Ayah membawa semangkuk mie ayam hangat ke kamar Nala. Ibu sudah bangun dan sedang duduk di samping ranjang, menatap Nala dengan pandangan yang aneh kosong namun penuh rasa takut. "Nala... Nala sayang, bangun yuk?" Ayah memanggil dengan lembut, meletakkan mangkuk di atas meja. "Ayah sudah buatkan mi ayam kesukaan Nala. Bau harumnya enak lho, Nak."
Tidak ada jawaban. Wajah Nala masih sama tenangnya, senyum tipis itu masih ada. ibu menggenggam tangan Nala yang terasa sangat dingin, jauh lebih dingin dari kemarin. Keheningan yang menyakitkan tiba-tiba menyergap kamar itu. Boneka biru itu masih didekap erat, namun pemiliknya telah pergi ke tempat yang lebih baik dalam tidurnya.

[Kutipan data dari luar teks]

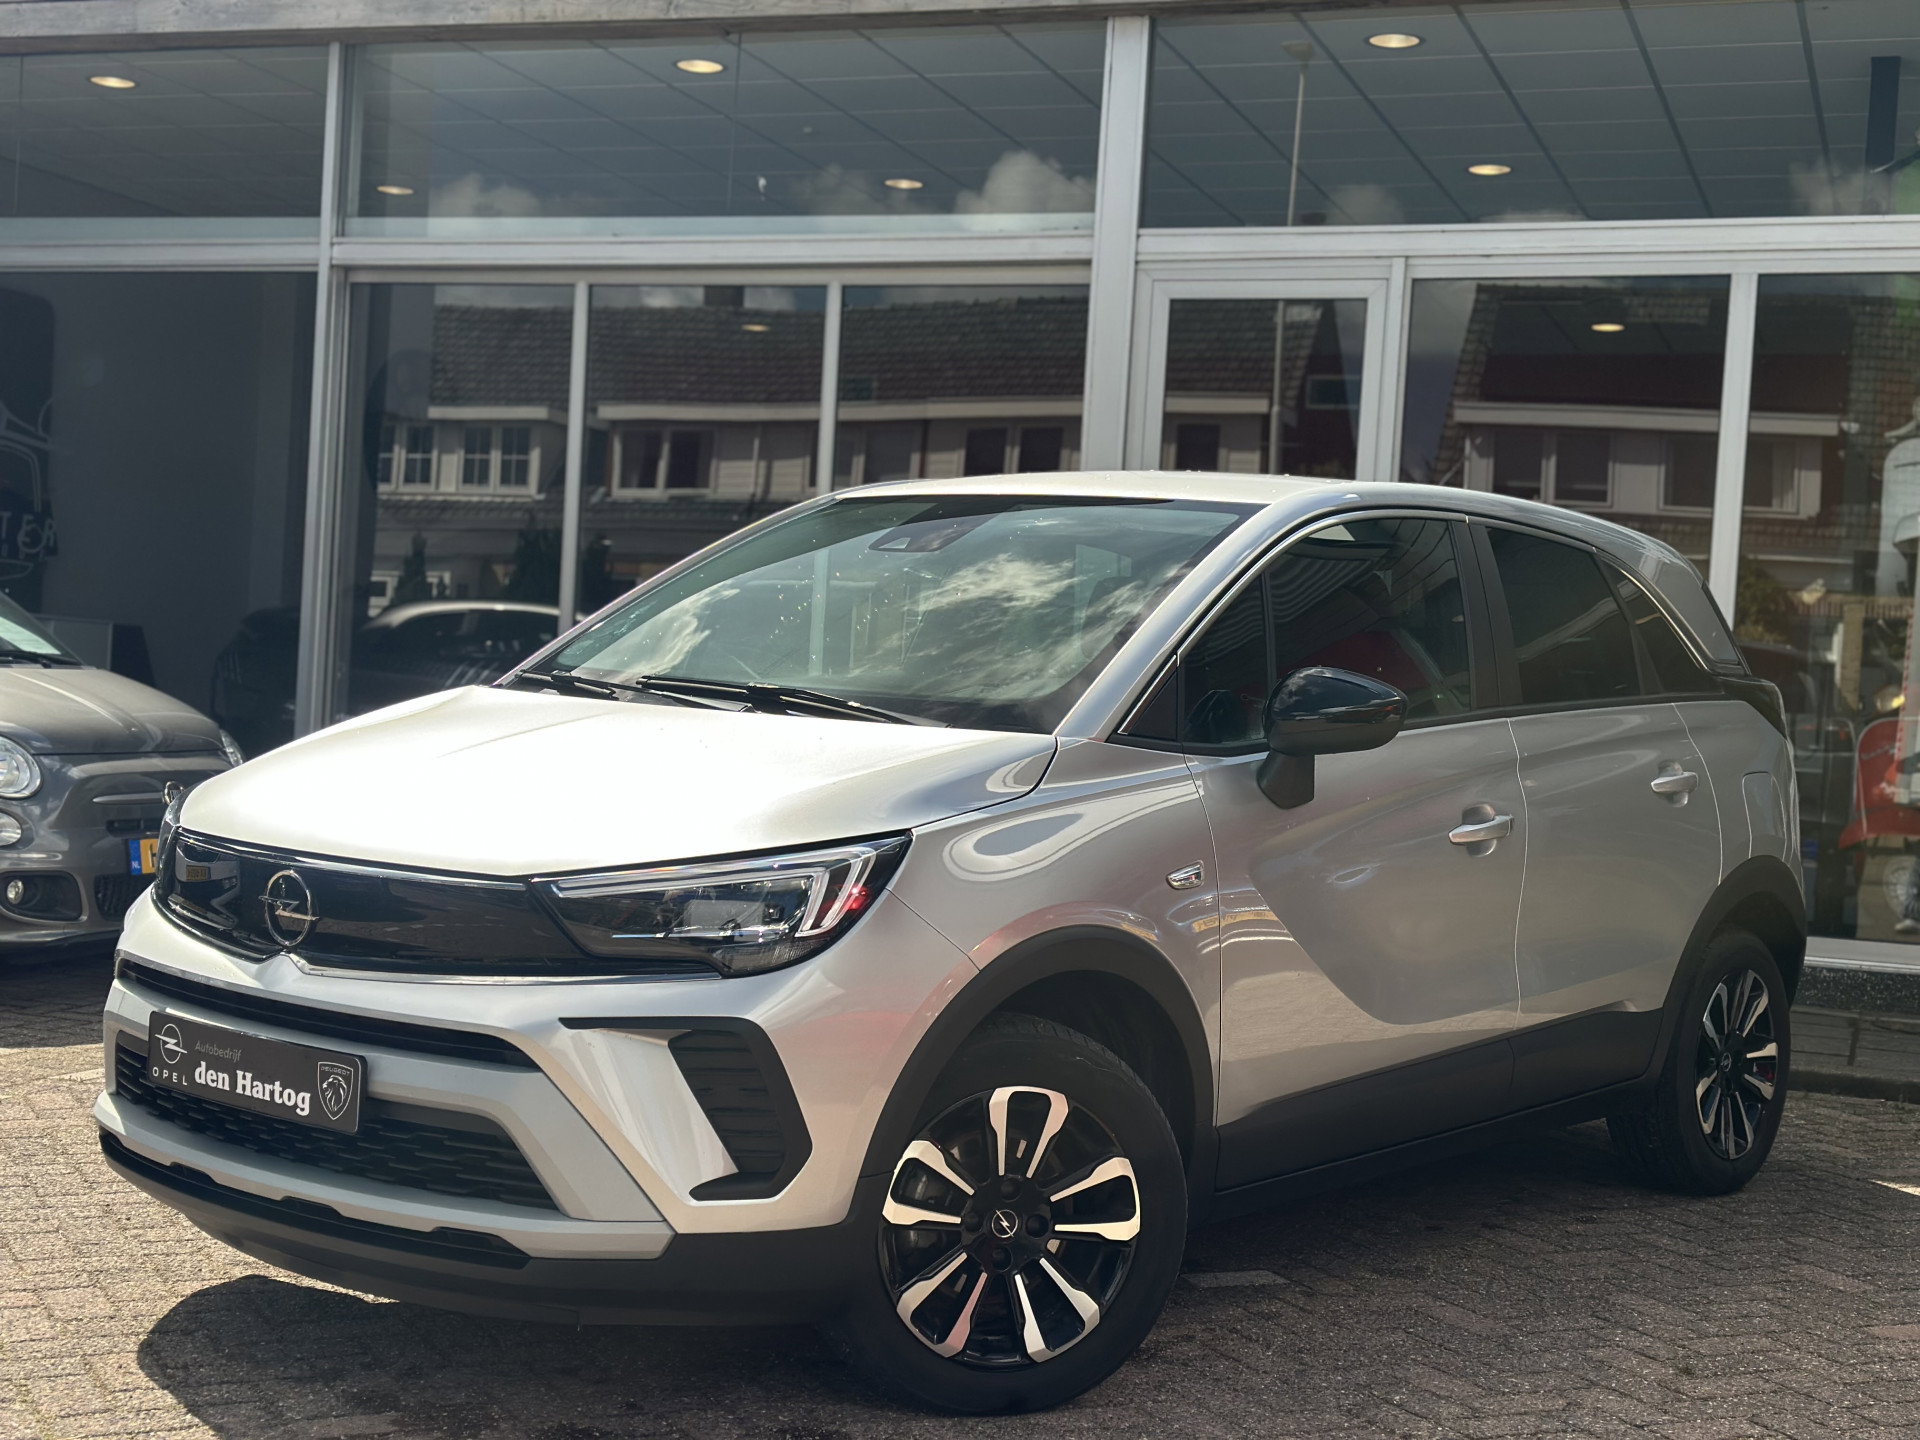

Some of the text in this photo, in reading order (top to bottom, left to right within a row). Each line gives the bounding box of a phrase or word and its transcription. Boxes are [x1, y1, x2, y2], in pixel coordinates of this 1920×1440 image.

"Nala? Nala? Bangun, sayang..." Ibu memanggil, suaranya pecah, lalu berubah menjadi tangisan histeris saat menyadari putrinya telah tiada. Ia memeluk tubuh Nala yang kaku, menciumi wajahnya yang pucat. Ayah membeku. Mangkuk mi ayam itu jatuh ke lantai, isinya tumpah berantakan. Ia melampiaskan pukulannya ke dinding kamar sambil teriak, penyesalan dan rasa bersalah yang amat sangat kembali menghantamnya tanpa ampun. Ia telah mendorong putrinya menuju kematian, dan meskipun ia telah menepati janjinya, waktu telah habis. Ia tidak akan pernah bisa melihat Nala menikmati mi ayam buatannya, tidak akan pernah bisa mendengar suaranya yang parau, tidak akan pernah bisa meminta maaf secara langsung.
"Maafin Ayah, Nala... Maafin Ayah..." tangis Ayah pecah, ia menyembunyikan wajahnya di sprei kasur Nala.
Malam itu, di kamar yang tenang dan penuh cinta, Nala, sang pejuang kecil, telah menemukan kedamaian yang abadi dalam tidurnya. Ia telah memenangkan pertempurannya, dan cintanya akan terus hidup dalam setiap perubahan positif yang ia tinggalkan di hati kedua orang tuanya.
“Kehadirannya yang jarang di rumah bukan sebuah kehilangan, melainkan hadiah dari semesta agar kamu bisa tumbuh tanpa bayang-bayang ketakutan. Nikmatilah sunyi itu sebagai musik paling damai yang pernah kamu dengar."
"Nala menutup bukunya, mematikan lampu kamar, Katakan pada anak kecil di dalam dirimu yang dulu sering menangis di pojok kamar. Terima kasih sudah bertahan. Sekarang giliranku yang menjagamu. Kita sudah sampai di tempat yang aman.”